Today The Washington Spectator published an extensive exposé about the Telecom industry's decades-long campaign to dismiss the research about the health risks of radio frequency radiation and fool the public into believing that cell phones are safe by co-opting government agencies and the mainstream news media.

This indepth study was conducted by Barbara Koeppel, an investigative reporter who covers social, economic, political, and foreign policy issues. Her 7,000-word article posed two questions:

''If you think your cellphone is safe, have you considered why you believe that? Is it a fact or is it based on carefully crafted messages that you’ve read or heard?''

Ms. Koeppel reviewed the work of scientists who have studied the harmful effects of radio frequency radiation for decades.

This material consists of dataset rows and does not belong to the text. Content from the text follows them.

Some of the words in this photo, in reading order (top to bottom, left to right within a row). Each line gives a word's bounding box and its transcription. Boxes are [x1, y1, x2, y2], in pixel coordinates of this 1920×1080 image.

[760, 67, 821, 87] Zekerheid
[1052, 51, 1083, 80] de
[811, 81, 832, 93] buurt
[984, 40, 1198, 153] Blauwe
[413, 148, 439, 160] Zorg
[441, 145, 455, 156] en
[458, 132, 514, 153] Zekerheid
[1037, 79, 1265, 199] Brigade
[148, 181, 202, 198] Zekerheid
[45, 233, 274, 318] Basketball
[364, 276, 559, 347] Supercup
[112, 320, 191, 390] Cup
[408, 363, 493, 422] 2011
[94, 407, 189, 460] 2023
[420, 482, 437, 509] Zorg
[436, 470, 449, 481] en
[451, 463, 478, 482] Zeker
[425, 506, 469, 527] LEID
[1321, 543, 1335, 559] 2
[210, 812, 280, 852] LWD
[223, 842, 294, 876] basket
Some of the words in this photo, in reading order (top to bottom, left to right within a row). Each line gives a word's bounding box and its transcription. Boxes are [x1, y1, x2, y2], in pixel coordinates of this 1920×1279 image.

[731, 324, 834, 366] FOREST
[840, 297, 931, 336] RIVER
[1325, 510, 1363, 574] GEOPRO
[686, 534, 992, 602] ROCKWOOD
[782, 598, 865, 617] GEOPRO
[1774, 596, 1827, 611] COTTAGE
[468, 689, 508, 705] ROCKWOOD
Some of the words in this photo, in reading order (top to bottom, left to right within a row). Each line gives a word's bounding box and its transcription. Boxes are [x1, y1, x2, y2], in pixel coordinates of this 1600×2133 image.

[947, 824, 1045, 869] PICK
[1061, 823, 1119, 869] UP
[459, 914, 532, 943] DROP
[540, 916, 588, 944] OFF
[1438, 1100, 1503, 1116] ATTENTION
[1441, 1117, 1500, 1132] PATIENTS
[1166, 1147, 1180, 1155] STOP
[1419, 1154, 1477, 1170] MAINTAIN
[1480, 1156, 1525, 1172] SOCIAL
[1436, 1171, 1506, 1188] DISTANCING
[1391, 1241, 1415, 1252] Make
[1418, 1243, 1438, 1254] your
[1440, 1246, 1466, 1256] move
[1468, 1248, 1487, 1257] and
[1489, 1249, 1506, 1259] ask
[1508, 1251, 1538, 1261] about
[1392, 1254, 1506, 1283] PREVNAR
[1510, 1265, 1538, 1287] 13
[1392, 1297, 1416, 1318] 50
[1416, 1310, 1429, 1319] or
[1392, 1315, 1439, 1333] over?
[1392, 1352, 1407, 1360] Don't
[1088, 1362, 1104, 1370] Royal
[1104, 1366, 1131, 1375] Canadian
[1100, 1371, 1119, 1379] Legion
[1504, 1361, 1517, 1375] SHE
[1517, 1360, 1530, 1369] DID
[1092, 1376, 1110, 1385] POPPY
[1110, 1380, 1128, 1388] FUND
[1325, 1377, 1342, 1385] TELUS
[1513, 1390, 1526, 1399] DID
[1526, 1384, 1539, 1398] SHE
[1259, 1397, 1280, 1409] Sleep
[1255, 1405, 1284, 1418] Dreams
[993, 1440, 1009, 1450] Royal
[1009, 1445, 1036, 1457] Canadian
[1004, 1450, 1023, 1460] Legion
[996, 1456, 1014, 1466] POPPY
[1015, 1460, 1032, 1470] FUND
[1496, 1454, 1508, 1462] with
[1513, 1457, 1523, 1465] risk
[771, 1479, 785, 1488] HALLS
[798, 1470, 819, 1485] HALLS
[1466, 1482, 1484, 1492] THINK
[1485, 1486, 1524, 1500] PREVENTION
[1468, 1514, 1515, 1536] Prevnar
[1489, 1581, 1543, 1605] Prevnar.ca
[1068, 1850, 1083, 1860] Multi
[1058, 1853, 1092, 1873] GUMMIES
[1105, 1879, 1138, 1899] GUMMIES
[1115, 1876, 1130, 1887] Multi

Moreover she explored the conflicts of interest among influential people including journalists, policy makers, and scientists who have dismissed the preponderance of research which has found harmful biologic or health effects from cell phone radiation exposure.

Here is a sample of quotes from the piece:

''For the past few decades, the telecom wireless industry and its enthusiasts have heralded cellphones as the greatest achievement of the late 20th and early 21st centuries. But as their use soars, scientists worldwide worry about their hazards and have produced over 2,000 studies that tell a darker tale. They warn that the devices and antennas that power them expose humans and wildlife to nonionizing low-frequency electromagnetic fields—also called cellphone, microwave, or radio-frequency radiation. These studies indicate that when people and animals are exposed, they can develop brain, thyroid gland, prostate gland, acoustic nerve, and breast tumors, and other diseases.Not surprisingly, the industry argues this type of radiation is safe, because it is unlike the high-frequency ionizing radiation used in X-rays, which can directly damage DNA....''

''How does industry carry it off? First, the watchdog agencies continually reaffirm the industry’s message, and because of their authority, they’re considered objective. Yet their conflicts of interest are pervasive....''

''Besides the industry’s sway with the agencies, its influence on the press and media means that coverage of wireless devices is almost always upbeat. First, the industry buys full-page ads that promote its services and products and now continually tout 5G. Then there are the owners’ personal conflicts....''

''Most press and media repeat the agencies’ positions and debunk or ignore studies that describe the dangers. Since The New York Times is America’s paper of record, its coverage is instructive....''

''Interestingly, the risk-averse insurance industry has been reluctant to offer coverage for the companies or those who use the devices....''

''Unlike the United States, some countries have tightened their exposure rules....''

''Alarmed about the hazards from wireless devices, 254 scientists from 44 countries have urged the United Nations to toughen the exposure guidelines and 'educate the public about the health risks.' The U.N. has not replied. With the advent of 5G,warnings are even stronger: By October 2020, 407 scientists and physicians appealed to the European Commission to halt the roll-out of 5G . . . which will substantially increase exposure to radiofrequency electromagnetic fields. This has also been ignored.''

''Many U.S. states, cities, and counties also worry. For example, New Hampshire legislators created a commission of experts to study EMF effects. In their report, which was released this November, the experts recommended 15 actions: among the most important, they asked the FCC to study the environmental impact of the 5G antennas and towers and locate them further from schools and homes....''

''Warnings from industry executives such as Frank Clegg (Microsoft Canada’s former CEO) are rare. So, too, are those from governments, since the industry lavishes huge sums on the lawmakers. According to the Center for Responsive Politics, from 1989 to 2017, the industry gave $101 million to members of Congress and their PACs....''

The article can be read on The Washington Spectator website at:
washingtonspectator.org/wireless-hazards/ .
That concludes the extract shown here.